SDVs are generally launched from a Dry Deck Shelter on the back of a submarine, although they can also be deployed from amphibious carriers and other surface ships equipped to launch and recover the SDV. SDVs are launched and recovered by surface ships using a crane. They can also be airdropped (uncrewed) into an operational area from a C-130 Hercules airplane. Finally, the SDV can be launched from the shore.

An SDV can be launched from one platform and recovered by another. demonstrated this capability during a multilateral exercise in the Mediterranean when it recovered and then launched another country's SDV.

===Mark 8 SDV===
The Mark 8 Mod 1 SDV is the only SDV officially in use by the US Navy and Royal Navy. It is an upgrade of the earlier Mark 8 Mod 0 SDV. The Mod 1 is quieter, faster, more efficient, and has a longer range than the Mod 0. Its updated electronics, materials, and battery and motor systems gives it twice the range and 1.5 times the speed of the Mod 0. Another advantage of the Mark 8 Mod 1 over its predecessor is that it is built from aluminium instead of plastic reinforced fiberglass, making its hull sturdier and roomier. The sturdier hull means that it can be deployed from CH-46 Sea Knight and CH-53E Super Stallion helicopters, although SDVs often break or explode when dropped in the water from a helicopter, making aerial deployments impractical and undesirable.

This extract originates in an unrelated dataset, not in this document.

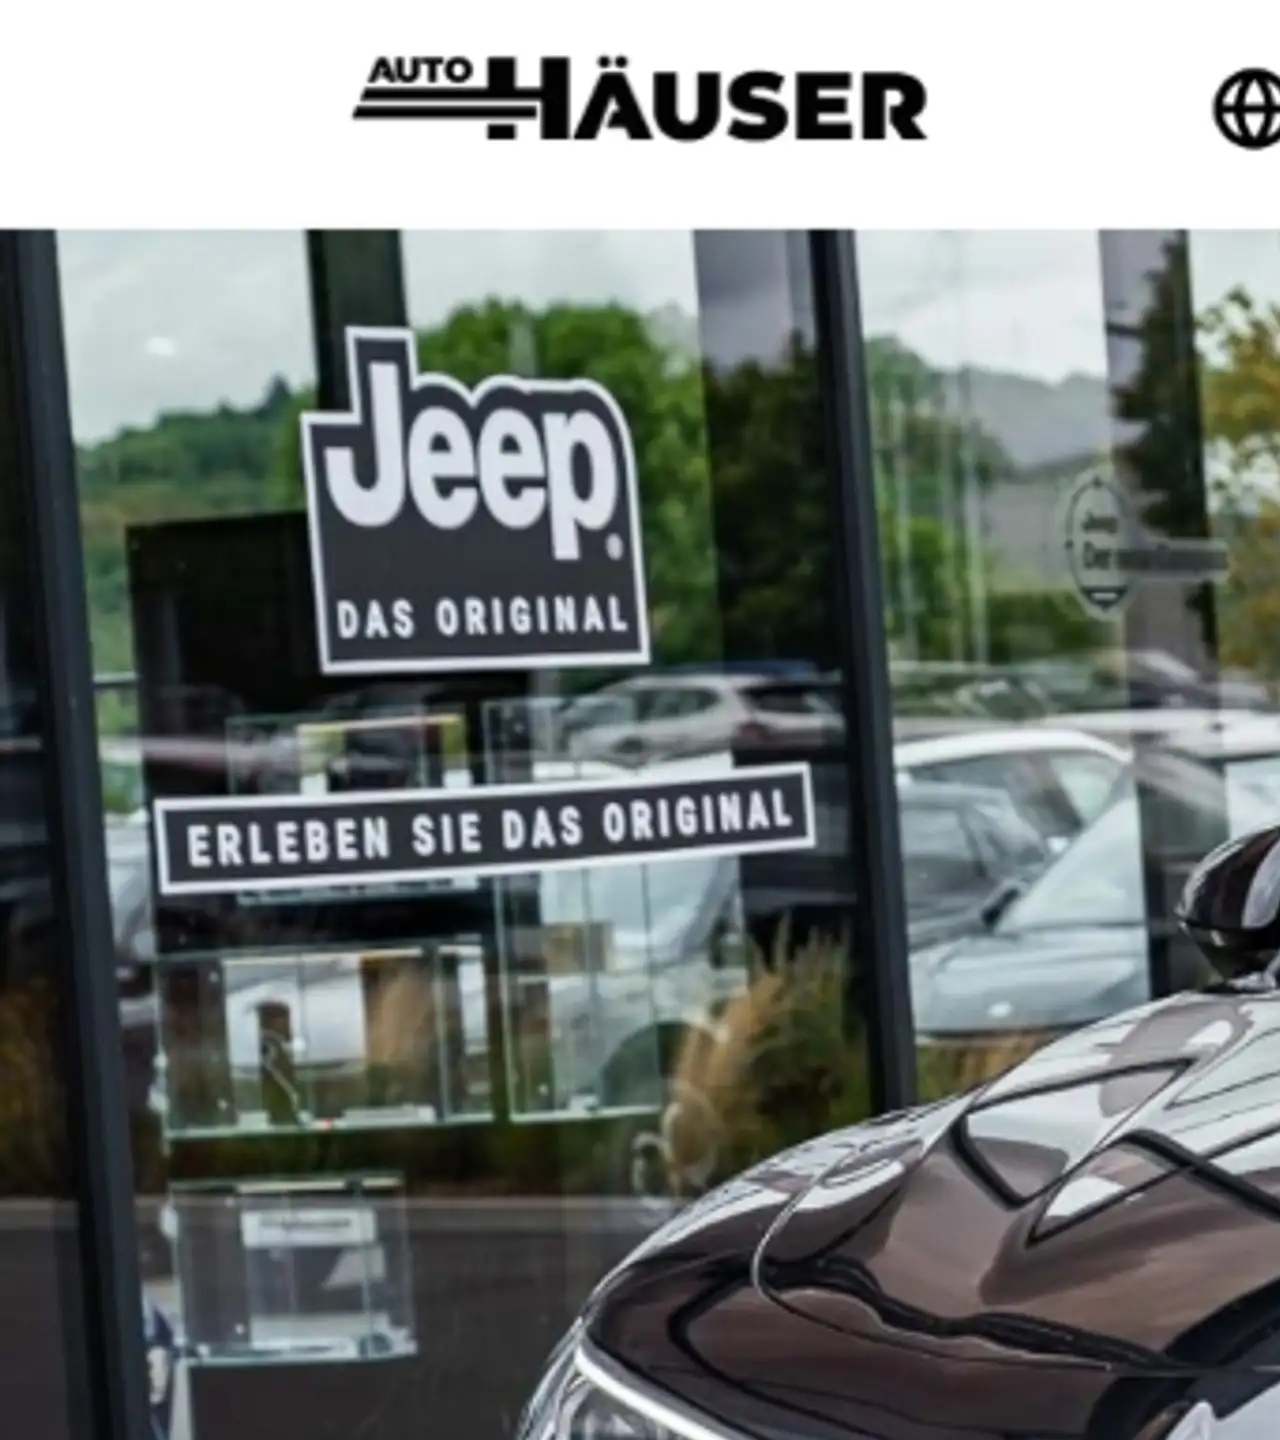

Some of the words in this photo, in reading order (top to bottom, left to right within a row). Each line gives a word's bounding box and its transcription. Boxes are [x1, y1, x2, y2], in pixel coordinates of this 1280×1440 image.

The Mark 8 Mod 1 SDV has an endurance of about eight to 12 hours, giving it a range of 15 to 18 nmi with a diving team or 36 nmi without. The main limiting factor on endurance is not batteries or breathing gas for the SEALs, but water temperature: humans can only spend so much time in cold water, even with wetsuits, before their blood pressure drops and they become dehydrated from losing blood volume and body fluids, respectively.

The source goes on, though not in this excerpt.